** Opening Excerpted records block **

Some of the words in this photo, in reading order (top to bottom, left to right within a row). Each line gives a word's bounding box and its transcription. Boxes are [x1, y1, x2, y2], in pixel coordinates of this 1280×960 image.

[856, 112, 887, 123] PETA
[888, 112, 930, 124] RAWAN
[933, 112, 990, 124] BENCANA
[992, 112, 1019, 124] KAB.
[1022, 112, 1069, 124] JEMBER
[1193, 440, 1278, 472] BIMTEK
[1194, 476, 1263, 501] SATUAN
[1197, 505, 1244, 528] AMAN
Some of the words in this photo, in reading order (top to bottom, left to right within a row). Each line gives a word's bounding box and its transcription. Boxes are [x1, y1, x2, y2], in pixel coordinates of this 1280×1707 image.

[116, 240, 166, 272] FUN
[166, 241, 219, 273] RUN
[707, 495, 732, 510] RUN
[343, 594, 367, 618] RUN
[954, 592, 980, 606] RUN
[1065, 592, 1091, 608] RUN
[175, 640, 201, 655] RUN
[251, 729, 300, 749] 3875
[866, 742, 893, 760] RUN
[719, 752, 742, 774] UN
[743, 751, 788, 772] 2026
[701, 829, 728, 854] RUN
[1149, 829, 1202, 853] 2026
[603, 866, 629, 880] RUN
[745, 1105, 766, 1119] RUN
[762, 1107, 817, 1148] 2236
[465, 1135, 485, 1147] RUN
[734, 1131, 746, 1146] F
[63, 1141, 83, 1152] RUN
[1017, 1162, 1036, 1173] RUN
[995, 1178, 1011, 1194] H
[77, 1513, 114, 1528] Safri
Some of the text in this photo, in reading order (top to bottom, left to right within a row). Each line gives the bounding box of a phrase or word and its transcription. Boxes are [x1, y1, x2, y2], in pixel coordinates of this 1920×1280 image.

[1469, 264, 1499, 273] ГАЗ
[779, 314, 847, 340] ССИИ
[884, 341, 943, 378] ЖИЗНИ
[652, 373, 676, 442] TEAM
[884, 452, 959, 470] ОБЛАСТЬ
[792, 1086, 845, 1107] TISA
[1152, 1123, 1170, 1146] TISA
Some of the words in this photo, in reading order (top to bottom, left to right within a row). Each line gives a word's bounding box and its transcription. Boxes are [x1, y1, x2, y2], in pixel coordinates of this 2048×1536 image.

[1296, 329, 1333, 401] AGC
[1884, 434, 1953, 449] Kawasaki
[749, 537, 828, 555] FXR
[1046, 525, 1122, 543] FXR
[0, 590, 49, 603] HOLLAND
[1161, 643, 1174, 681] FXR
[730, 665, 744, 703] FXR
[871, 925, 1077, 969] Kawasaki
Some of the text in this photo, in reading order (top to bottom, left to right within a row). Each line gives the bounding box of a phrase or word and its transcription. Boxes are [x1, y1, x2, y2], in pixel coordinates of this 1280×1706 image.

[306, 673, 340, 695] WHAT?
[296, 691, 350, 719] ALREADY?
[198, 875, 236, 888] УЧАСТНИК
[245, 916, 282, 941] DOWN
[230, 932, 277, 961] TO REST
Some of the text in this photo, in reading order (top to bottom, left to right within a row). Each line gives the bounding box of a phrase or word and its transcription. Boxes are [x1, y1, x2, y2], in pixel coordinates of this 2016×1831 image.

** Closing Excerpted records block **

> [Exercise] Return exactly the lines from the one containing "this 1280×1706 image." to the last line of the data, and nothing more.

> [Response area]
Some of the text in this photo, in reading order (top to bottom, left to right within a row). Each line gives the bounding box of a phrase or word and its transcription. Boxes are [x1, y1, x2, y2], in pixel coordinates of this 1280×1706 image.

[306, 673, 340, 695] WHAT?
[296, 691, 350, 719] ALREADY?
[198, 875, 236, 888] УЧАСТНИК
[245, 916, 282, 941] DOWN
[230, 932, 277, 961] TO REST
Some of the text in this photo, in reading order (top to bottom, left to right within a row). Each line gives the bounding box of a phrase or word and its transcription. Boxes are [x1, y1, x2, y2], in pixel coordinates of this 2016×1831 image.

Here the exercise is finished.